-- Task material follows --

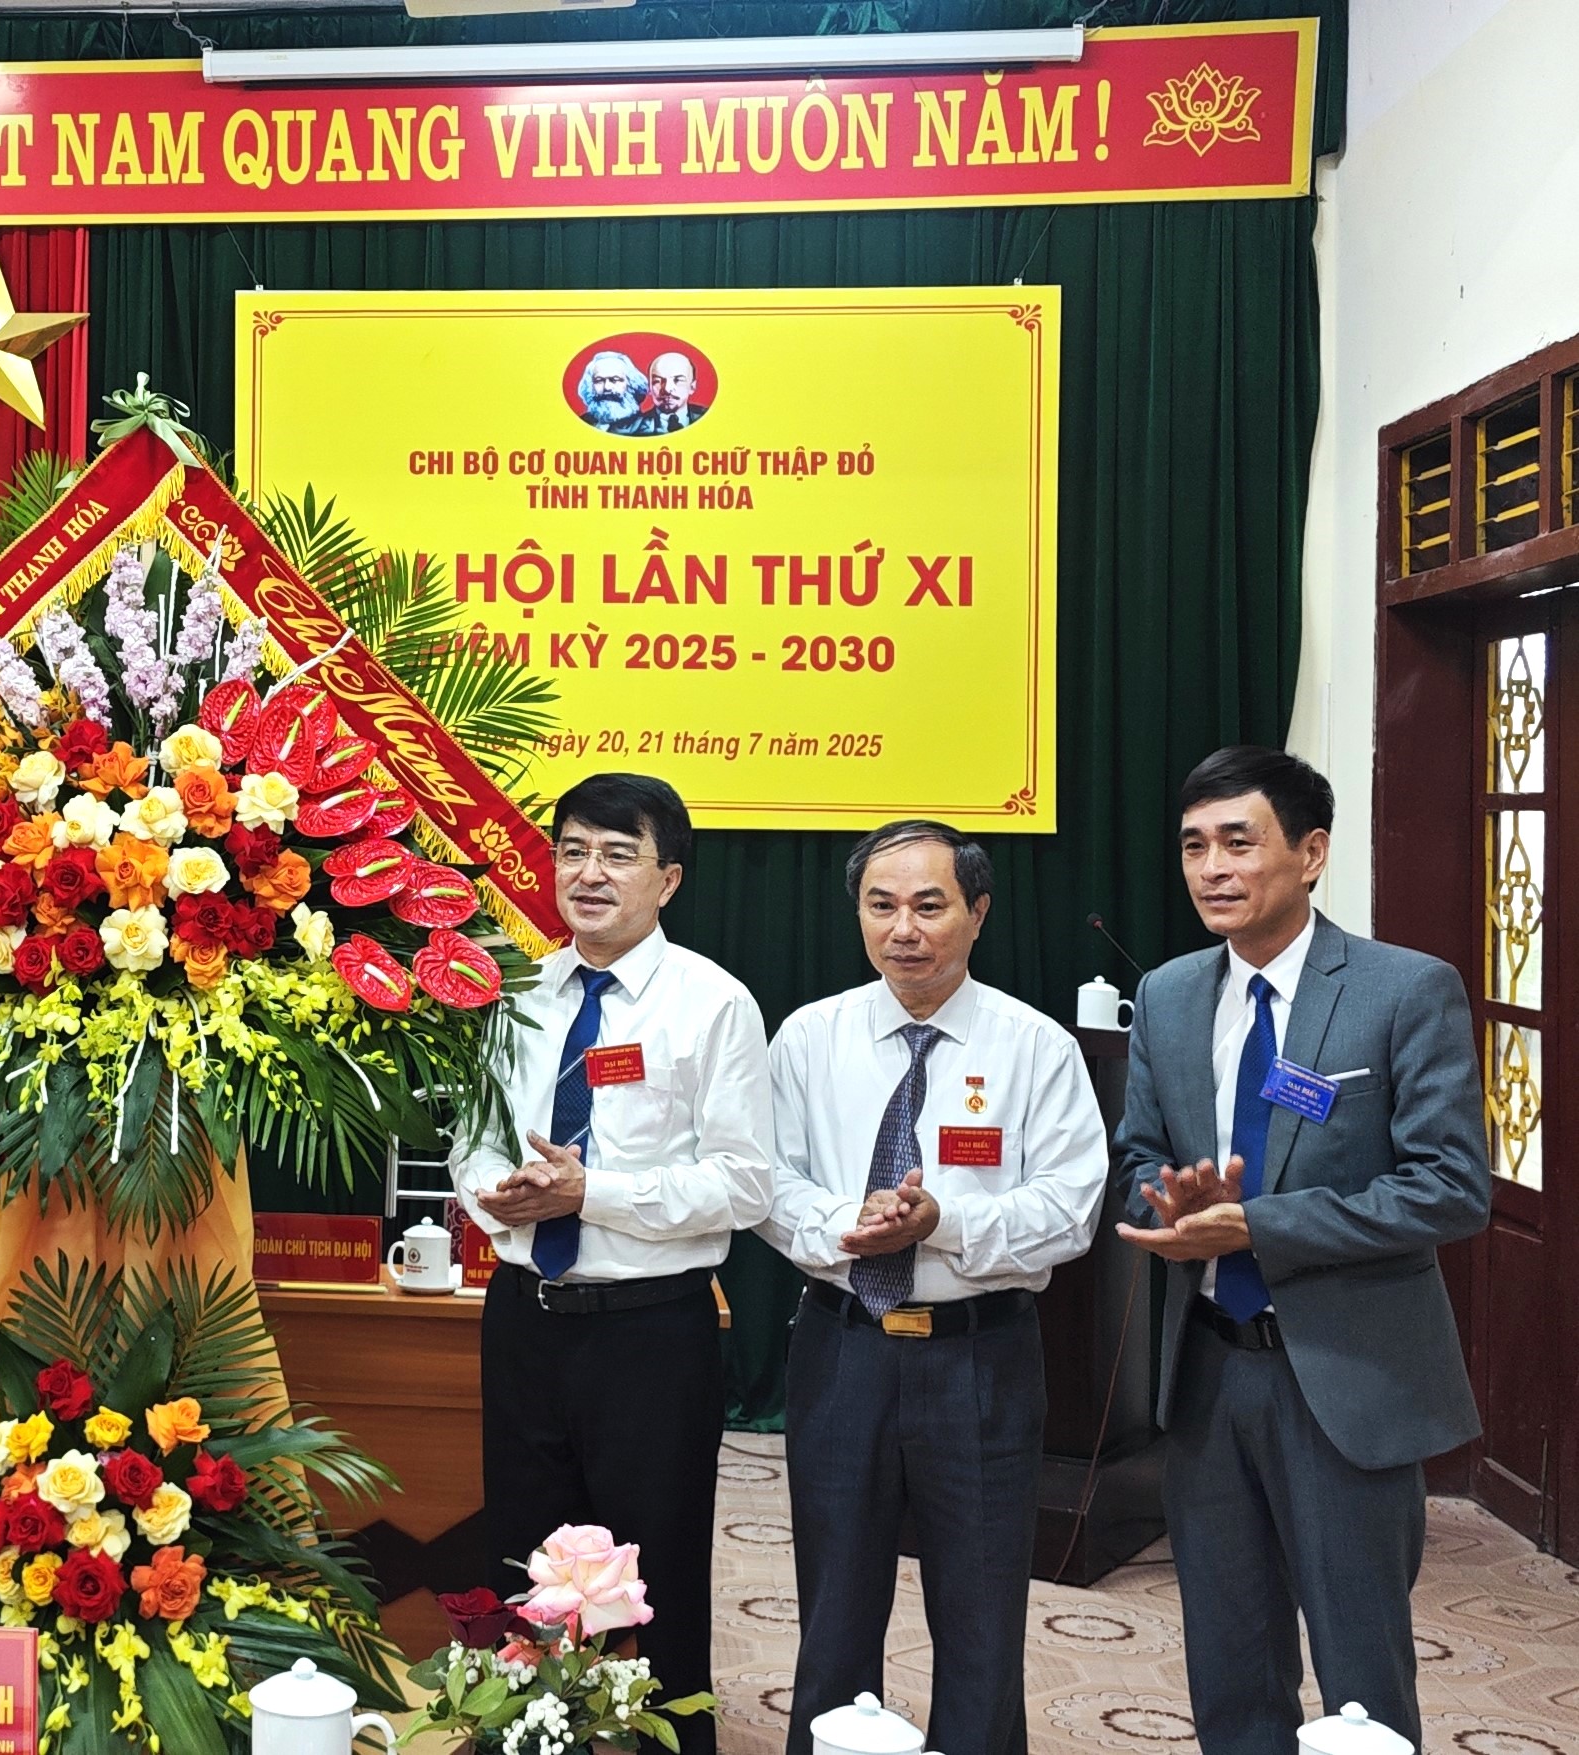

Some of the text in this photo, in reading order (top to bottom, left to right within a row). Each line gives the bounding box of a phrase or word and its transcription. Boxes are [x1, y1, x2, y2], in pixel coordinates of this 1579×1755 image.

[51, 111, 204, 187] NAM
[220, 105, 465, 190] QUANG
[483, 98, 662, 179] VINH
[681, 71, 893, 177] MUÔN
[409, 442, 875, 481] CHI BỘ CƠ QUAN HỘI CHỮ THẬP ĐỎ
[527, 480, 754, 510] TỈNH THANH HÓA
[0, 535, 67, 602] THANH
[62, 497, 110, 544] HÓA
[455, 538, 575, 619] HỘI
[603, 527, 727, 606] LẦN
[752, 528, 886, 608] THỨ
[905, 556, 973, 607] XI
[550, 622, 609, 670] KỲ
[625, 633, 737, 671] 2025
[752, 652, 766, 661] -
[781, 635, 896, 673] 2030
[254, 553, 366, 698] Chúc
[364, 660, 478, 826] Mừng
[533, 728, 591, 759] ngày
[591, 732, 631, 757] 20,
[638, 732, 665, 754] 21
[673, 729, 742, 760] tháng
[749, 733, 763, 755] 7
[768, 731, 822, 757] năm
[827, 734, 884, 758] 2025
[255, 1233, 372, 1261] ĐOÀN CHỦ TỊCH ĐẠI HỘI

-- Task material concluded --

» **Directions**: Exactly as they appear above, write out all the entries, without pictures.

» **Task answer**:
Some of the text in this photo, in reading order (top to bottom, left to right within a row). Each line gives the bounding box of a phrase or word and its transcription. Boxes are [x1, y1, x2, y2], in pixel coordinates of this 1579×1755 image.

[51, 111, 204, 187] NAM
[220, 105, 465, 190] QUANG
[483, 98, 662, 179] VINH
[681, 71, 893, 177] MUÔN
[409, 442, 875, 481] CHI BỘ CƠ QUAN HỘI CHỮ THẬP ĐỎ
[527, 480, 754, 510] TỈNH THANH HÓA
[0, 535, 67, 602] THANH
[62, 497, 110, 544] HÓA
[455, 538, 575, 619] HỘI
[603, 527, 727, 606] LẦN
[752, 528, 886, 608] THỨ
[905, 556, 973, 607] XI
[550, 622, 609, 670] KỲ
[625, 633, 737, 671] 2025
[752, 652, 766, 661] -
[781, 635, 896, 673] 2030
[254, 553, 366, 698] Chúc
[364, 660, 478, 826] Mừng
[533, 728, 591, 759] ngày
[591, 732, 631, 757] 20,
[638, 732, 665, 754] 21
[673, 729, 742, 760] tháng
[749, 733, 763, 755] 7
[768, 731, 822, 757] năm
[827, 734, 884, 758] 2025
[255, 1233, 372, 1261] ĐOÀN CHỦ TỊCH ĐẠI HỘI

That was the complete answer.